PROBLEM TO SOLVE -> Word for word, write the lines below out again, with no pictures.

[Opening RECORDS PROVIDED section]

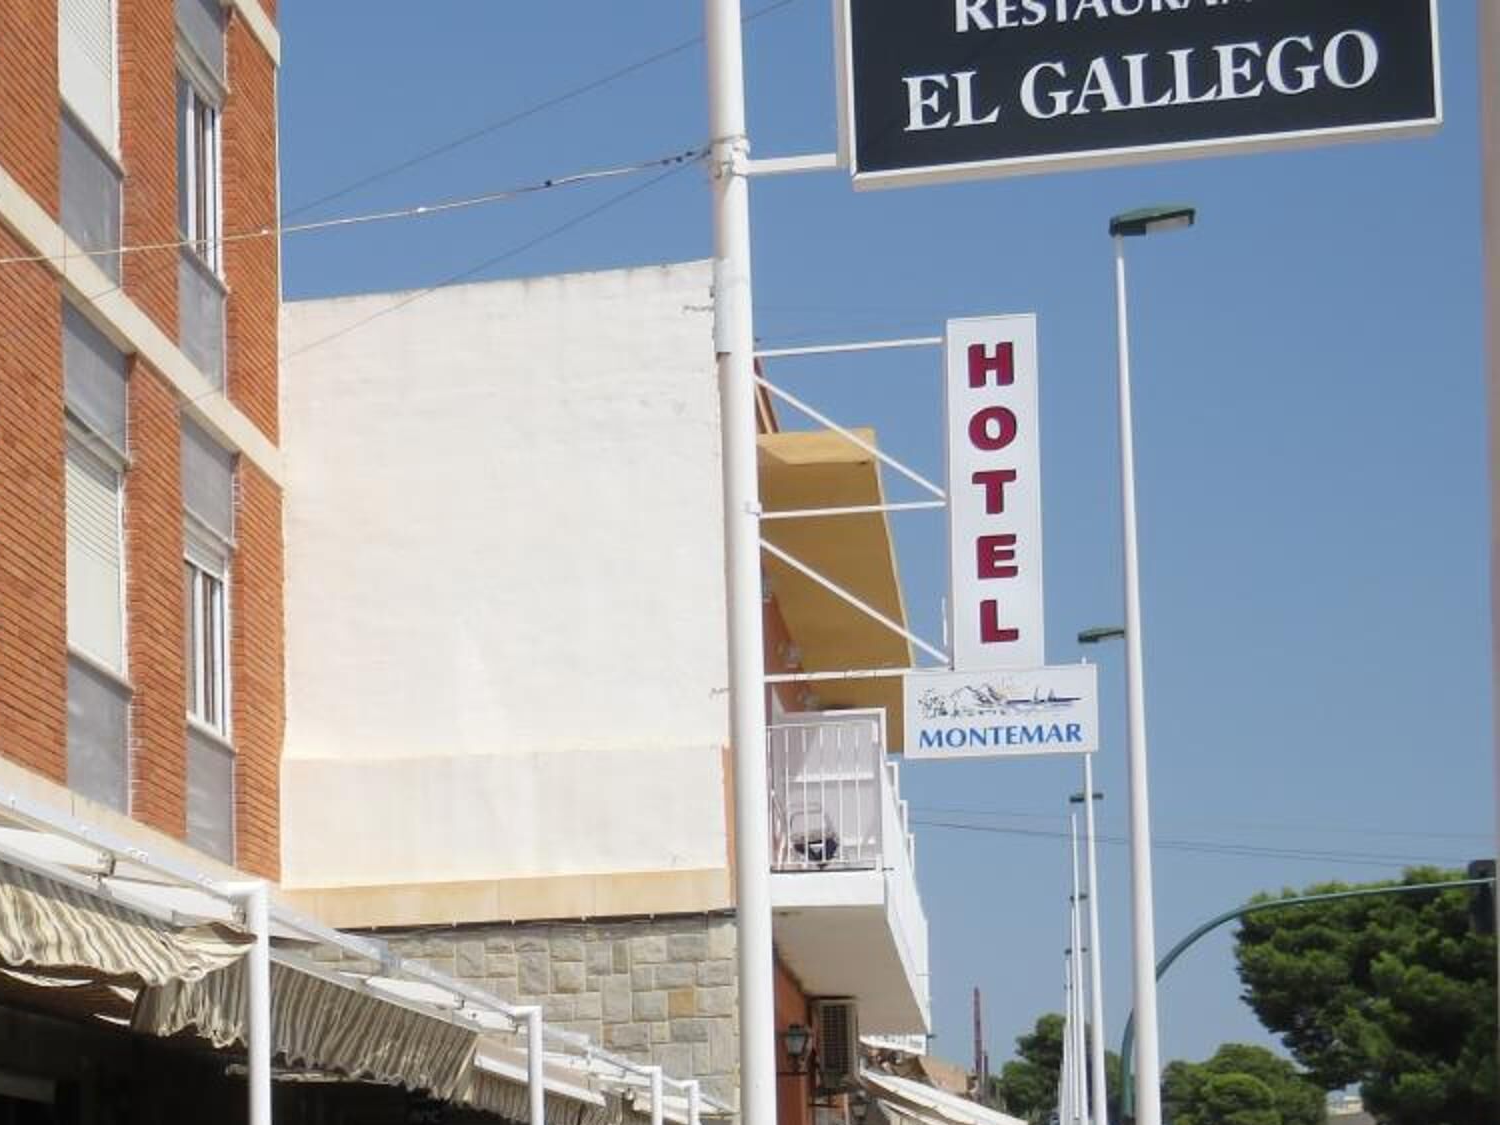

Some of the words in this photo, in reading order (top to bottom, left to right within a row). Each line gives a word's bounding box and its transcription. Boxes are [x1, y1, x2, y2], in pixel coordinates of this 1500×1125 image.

[902, 71, 1001, 132] EL
[1019, 29, 1380, 119] GALLEGO
[967, 341, 1019, 644] HOTEL
[918, 722, 1083, 750] MONTEMAR
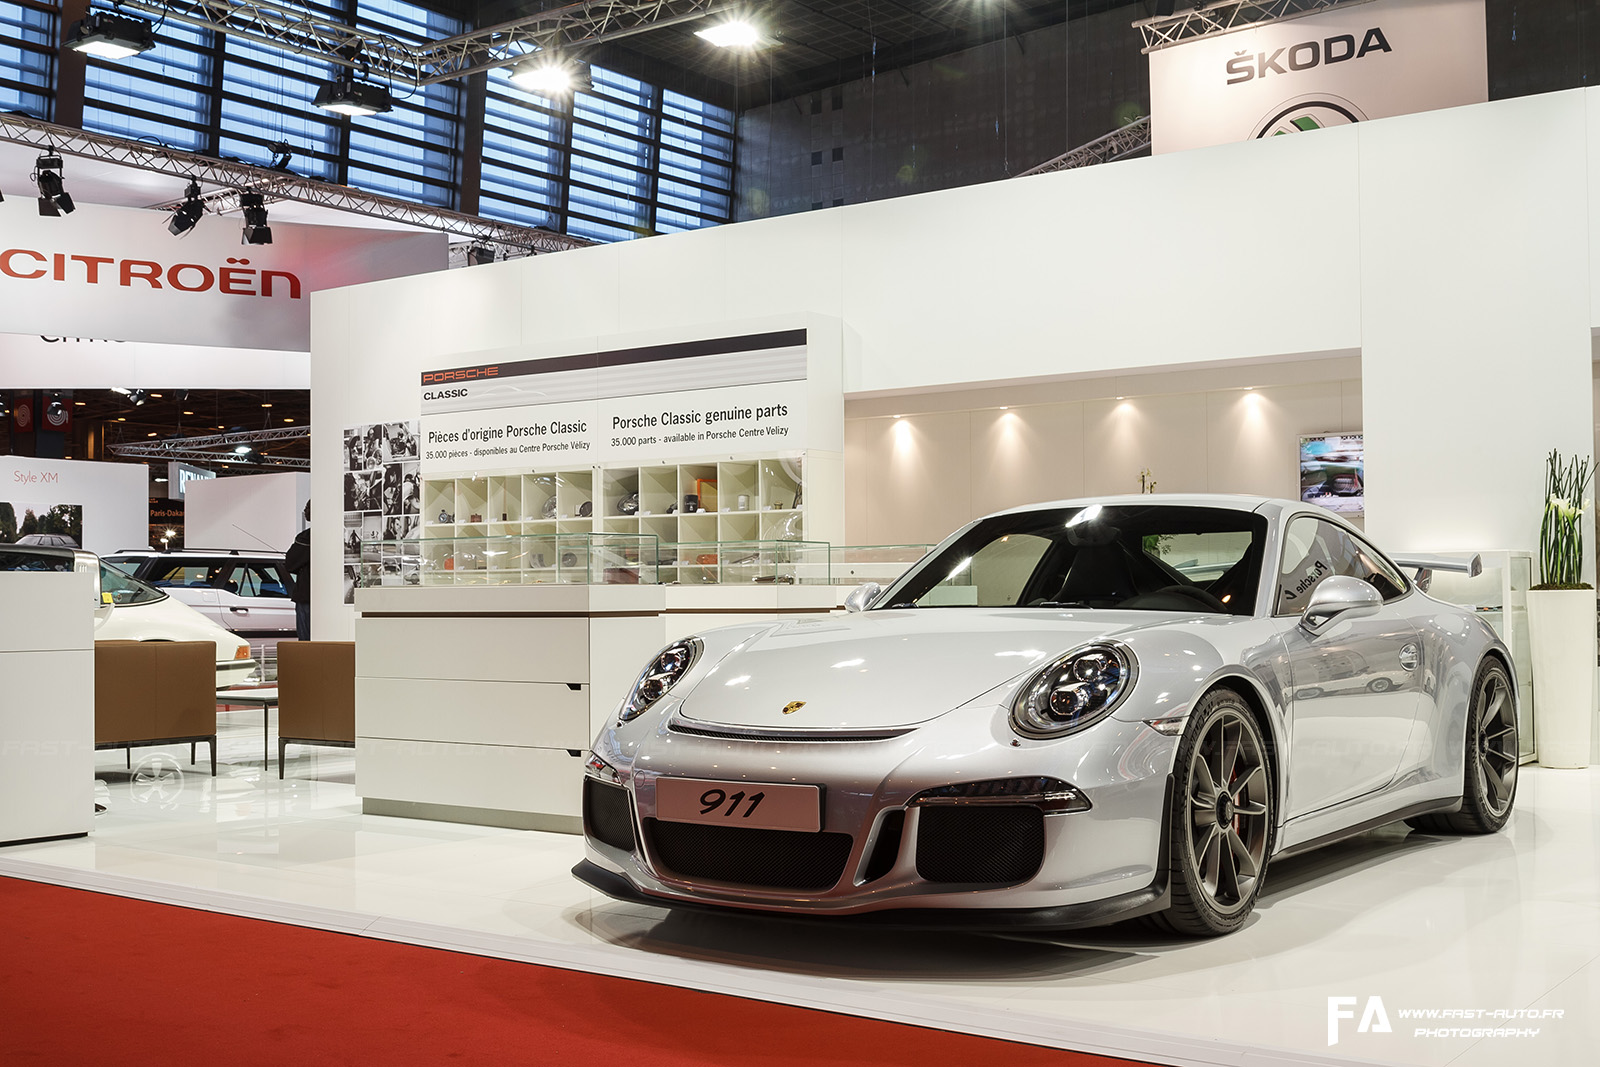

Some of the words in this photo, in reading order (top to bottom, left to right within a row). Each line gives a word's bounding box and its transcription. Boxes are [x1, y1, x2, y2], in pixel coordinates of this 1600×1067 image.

[1226, 27, 1392, 85] ŠKODA
[423, 366, 498, 383] PORSCHE
[423, 388, 468, 400] CLASSIC
[612, 414, 657, 430] Porsche
[661, 410, 701, 426] Classic
[705, 406, 752, 425] genuine
[756, 403, 788, 421] parts
[428, 430, 459, 444] Pièces
[462, 427, 503, 442] d'origine
[506, 423, 547, 438] Porsche
[550, 419, 587, 434] Classic
[611, 436, 636, 447] 35.000
[638, 435, 657, 447] parts
[663, 432, 696, 444] available
[697, 431, 705, 441] in
[706, 429, 737, 440] Porsche
[739, 427, 764, 438] Centre
[425, 450, 447, 460] 35.000
[448, 449, 468, 460] pièces
[473, 445, 508, 458] disponibles
[519, 443, 541, 454] Centre
[542, 442, 569, 452] Porsche
[570, 440, 591, 451] Vélizy
[13, 470, 37, 485] Style
[40, 472, 59, 484] XM
[150, 509, 184, 517] Paris-Daka
[699, 788, 765, 818] 911

[Closing RECORDS PROVIDED section]

SOLUTION FOR THIS TASK ->
Some of the words in this photo, in reading order (top to bottom, left to right within a row). Each line gives a word's bounding box and its transcription. Boxes are [x1, y1, x2, y2], in pixel coordinates of this 1500×1125 image.

[902, 71, 1001, 132] EL
[1019, 29, 1380, 119] GALLEGO
[967, 341, 1019, 644] HOTEL
[918, 722, 1083, 750] MONTEMAR

Some of the words in this photo, in reading order (top to bottom, left to right within a row). Each line gives a word's bounding box and its transcription. Boxes are [x1, y1, x2, y2], in pixel coordinates of this 1600×1067 image.

[1226, 27, 1392, 85] ŠKODA
[423, 366, 498, 383] PORSCHE
[423, 388, 468, 400] CLASSIC
[612, 414, 657, 430] Porsche
[661, 410, 701, 426] Classic
[705, 406, 752, 425] genuine
[756, 403, 788, 421] parts
[428, 430, 459, 444] Pièces
[462, 427, 503, 442] d'origine
[506, 423, 547, 438] Porsche
[550, 419, 587, 434] Classic
[611, 436, 636, 447] 35.000
[638, 435, 657, 447] parts
[663, 432, 696, 444] available
[697, 431, 705, 441] in
[706, 429, 737, 440] Porsche
[739, 427, 764, 438] Centre
[425, 450, 447, 460] 35.000
[448, 449, 468, 460] pièces
[473, 445, 508, 458] disponibles
[519, 443, 541, 454] Centre
[542, 442, 569, 452] Porsche
[570, 440, 591, 451] Vélizy
[13, 470, 37, 485] Style
[40, 472, 59, 484] XM
[150, 509, 184, 517] Paris-Daka
[699, 788, 765, 818] 911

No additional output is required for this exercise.